◆ WHAT IS BEING ASKED
Leaving all pictures aside, write out the records below precisely as given.

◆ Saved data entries
((
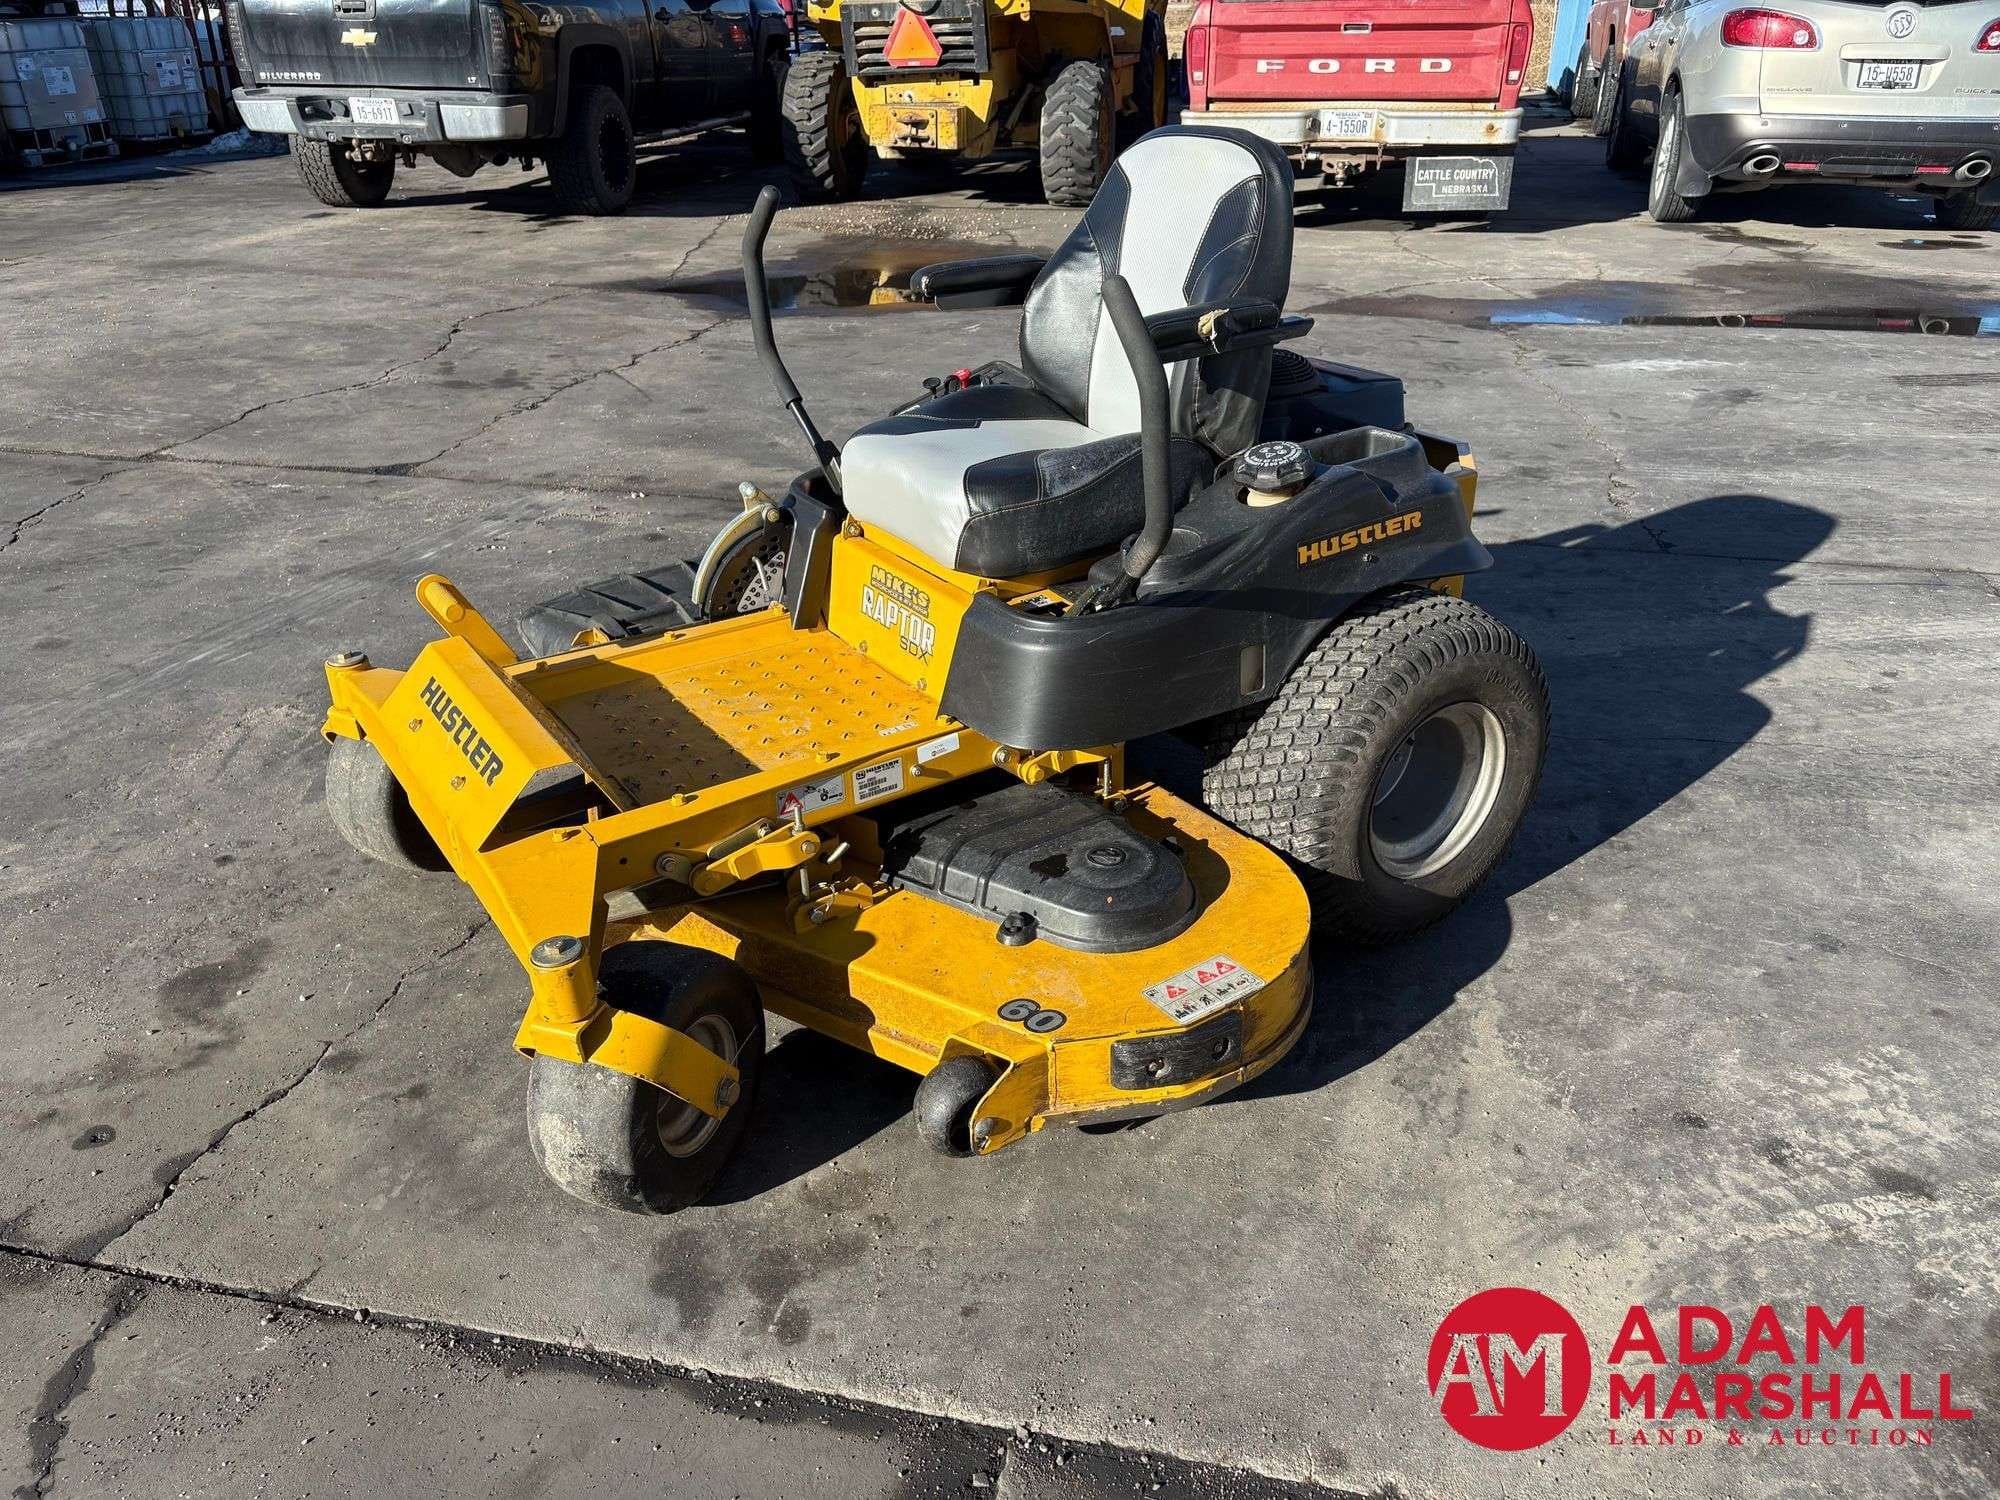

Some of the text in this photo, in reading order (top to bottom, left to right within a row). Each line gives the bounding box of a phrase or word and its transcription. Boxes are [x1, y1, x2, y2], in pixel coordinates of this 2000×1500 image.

[1256, 58, 1453, 73] FORD
[259, 71, 321, 80] SILVERADO
[357, 106, 393, 121] 15-691T
[1326, 119, 1368, 134] 4-1550R
[1418, 168, 1495, 181] CATTLE COUNTRY
[1441, 184, 1488, 194] NEBRASKA
[1297, 510, 1423, 565] HUSTLER
[862, 584, 936, 656] RAPTOR
[420, 676, 504, 787] HUSTLER
[998, 998, 1067, 1033] 60
))
◆ EXERCISE RESULT
Some of the text in this photo, in reading order (top to bottom, left to right within a row). Each line gives the bounding box of a phrase or word and its transcription. Boxes are [x1, y1, x2, y2], in pixel coordinates of this 2000×1500 image.

[1256, 58, 1453, 73] FORD
[259, 71, 321, 80] SILVERADO
[357, 106, 393, 121] 15-691T
[1326, 119, 1368, 134] 4-1550R
[1418, 168, 1495, 181] CATTLE COUNTRY
[1441, 184, 1488, 194] NEBRASKA
[1297, 510, 1423, 565] HUSTLER
[862, 584, 936, 656] RAPTOR
[420, 676, 504, 787] HUSTLER
[998, 998, 1067, 1033] 60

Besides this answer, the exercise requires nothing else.